Erzsebet Markovics Katz
Born: 1904
Sarospatak, Hungary
Erzsebet was born to Jewish parents living in a town on the Bodrog River in northeastern Hungary. Sarospatak was a picturesque town with a ruined medieval fortress, the Windischgratz castle, and many wineries, flour mills, and brickworks. Erzsebet's father was a locksmith and sheet-metal worker.
1933-39: Erzsebet has married Jozsef Katz. It was a lovely, formal wedding. Jozsef comes from a large Jewish family. He's a joiner by trade and was working in Sarospatak when they met. Now they have moved here to Budapest where he's opened a small furniture-making shop. They are living in a rather dark, two-room apartment, but it's all they can manage for the time being.
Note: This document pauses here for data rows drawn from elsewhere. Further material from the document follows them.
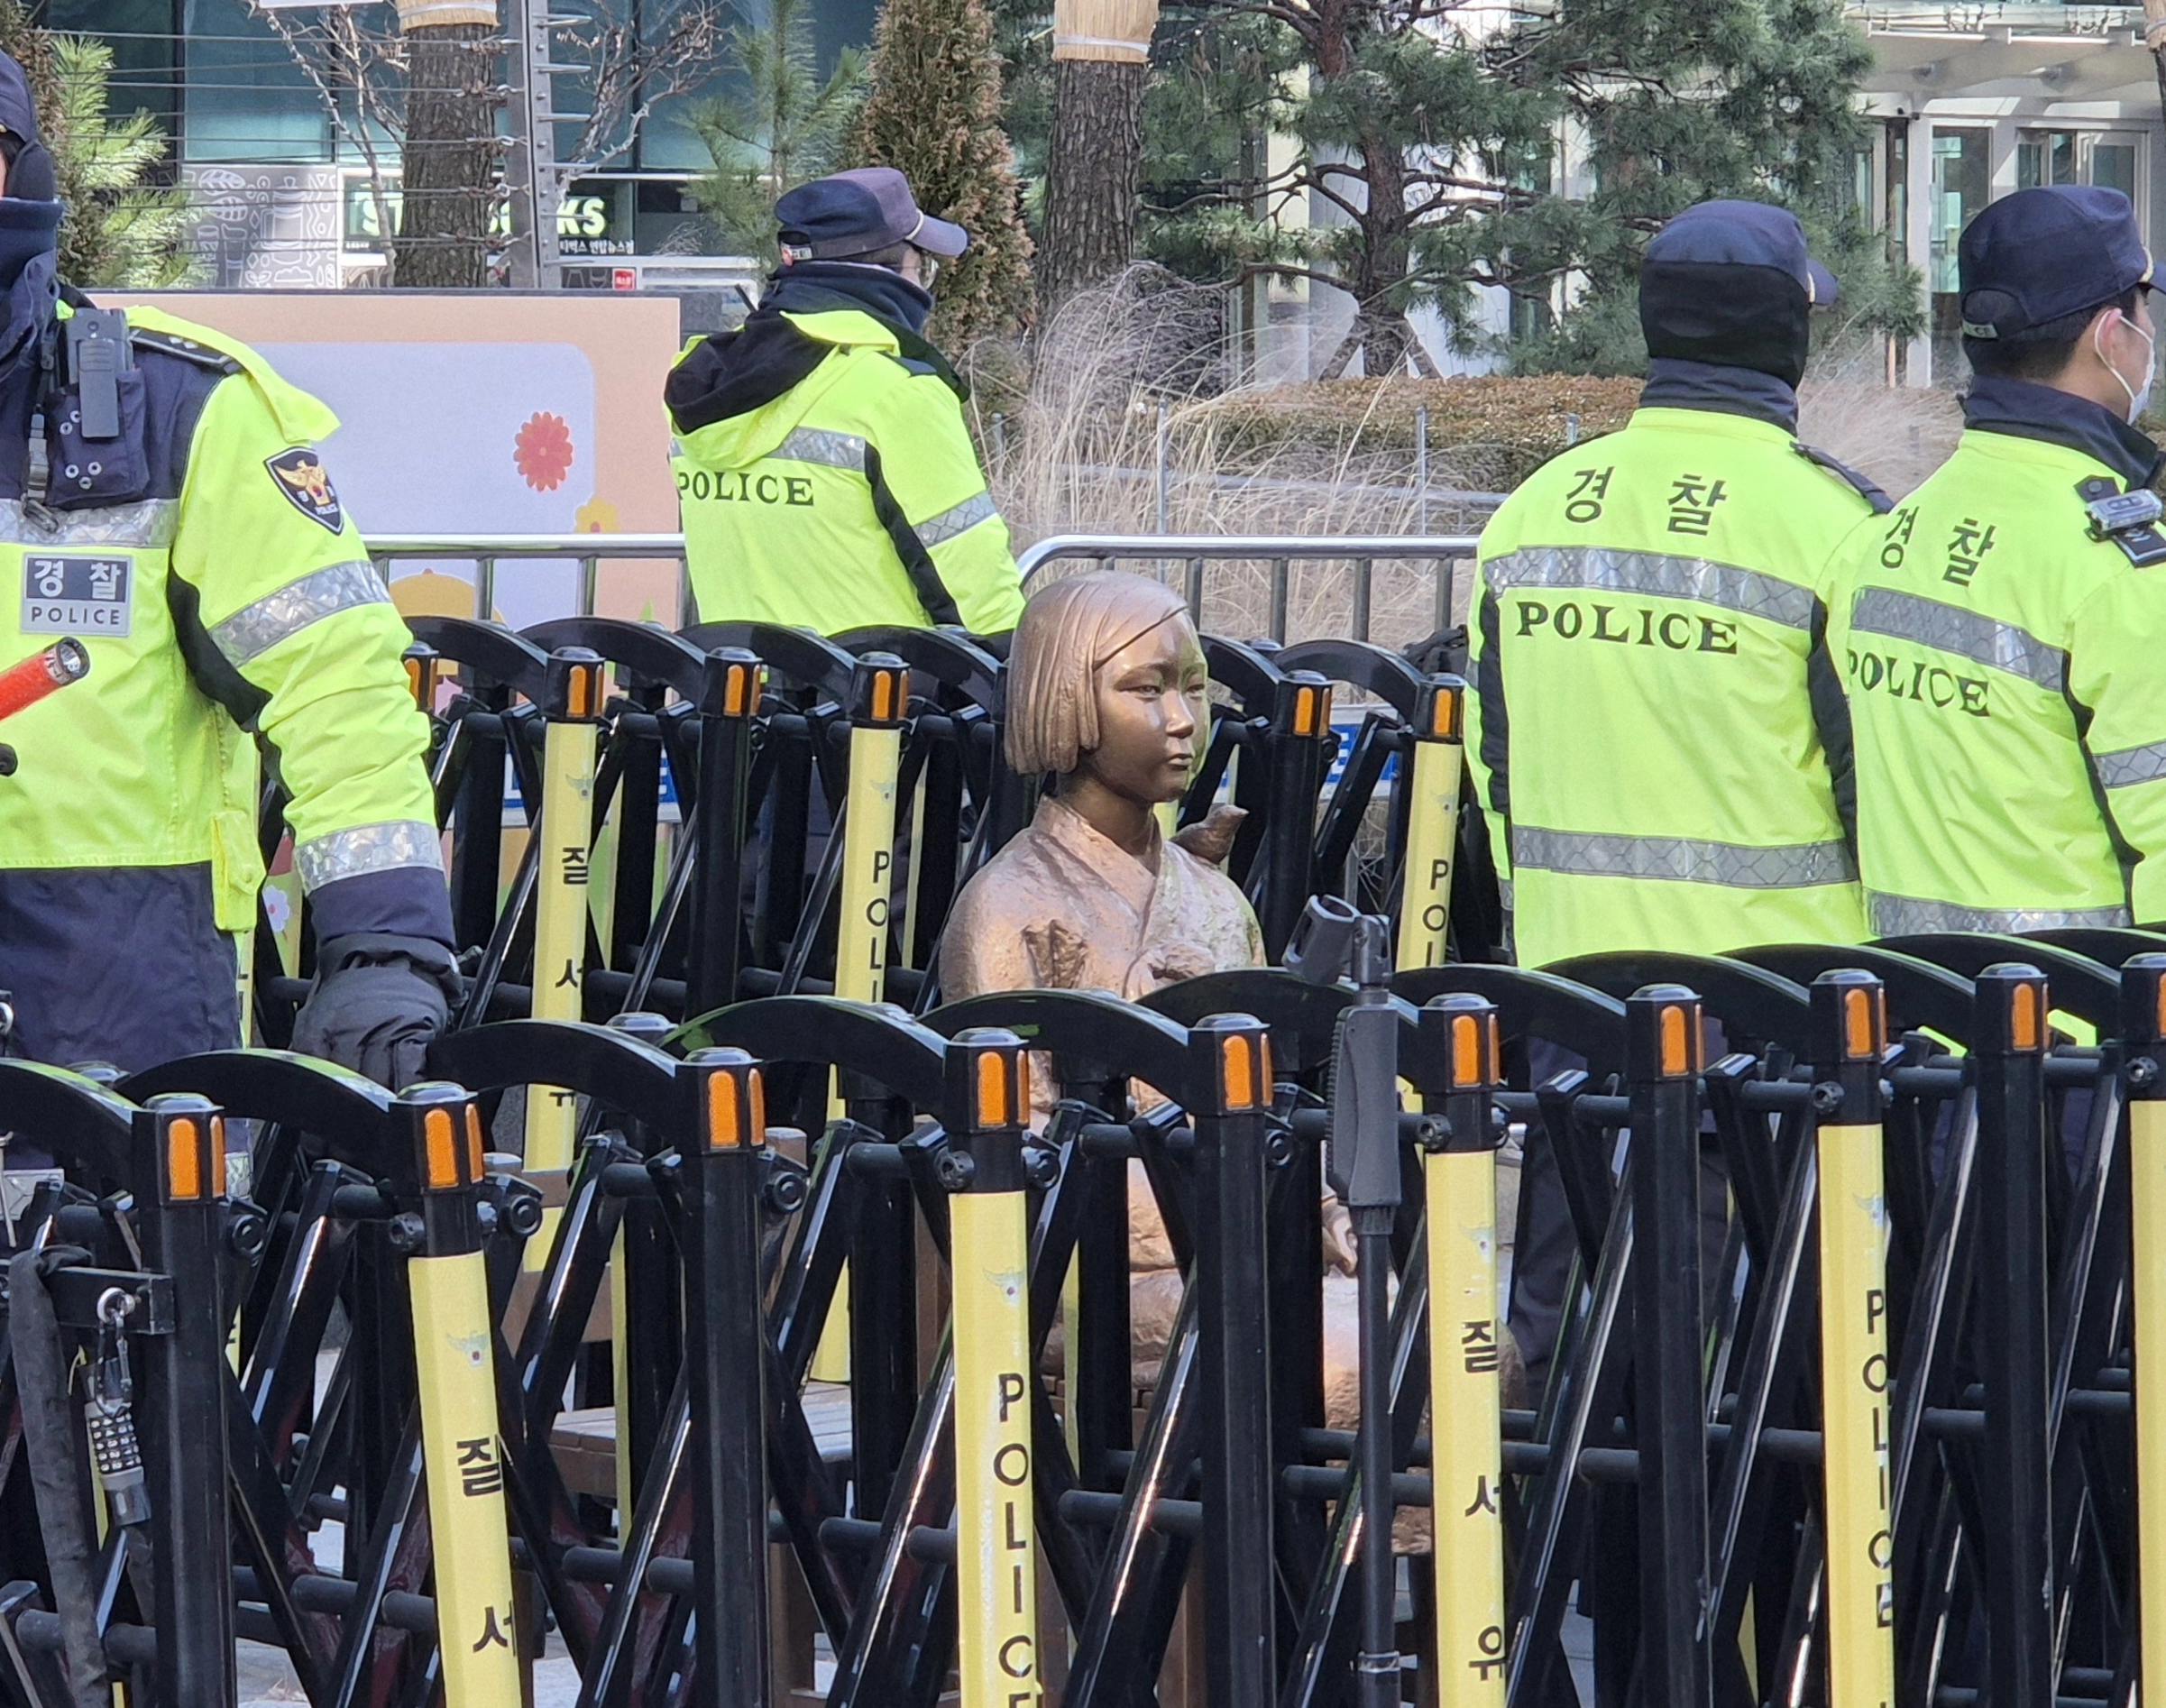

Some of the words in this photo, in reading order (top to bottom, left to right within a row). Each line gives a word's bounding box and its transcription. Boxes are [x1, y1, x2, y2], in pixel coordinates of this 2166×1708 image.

[677, 471, 814, 506] POLICE
[1565, 465, 1728, 536] 경찰
[1880, 506, 1996, 587] 경찰
[34, 560, 123, 600] 경찰
[31, 606, 120, 625] POLICE
[1516, 601, 1738, 655] POLICE
[1847, 648, 1990, 717] POLICE
1940-44: It's been almost four years since war broke out and since Jozsef was conscripted into labor service with thousands of other Jewish men. Three months ago, German troops occupied Hungary, and now the Germans have ordered all the Jews in Budapest to move into houses marked by a yellow Star of David. They've also imposed a strict curfew so that Jews are free to move outside only between 11 a.m. and 5 p.m. They've all heard about the deportations of Jews from the Hungarian countryside and are terrified that they will be next.
Soon after, Erzsebet was arrested in the streets of Budapest and deported. She was one of thousands who died during a typhus epidemic at the Bergen-Belsen camp late in the war.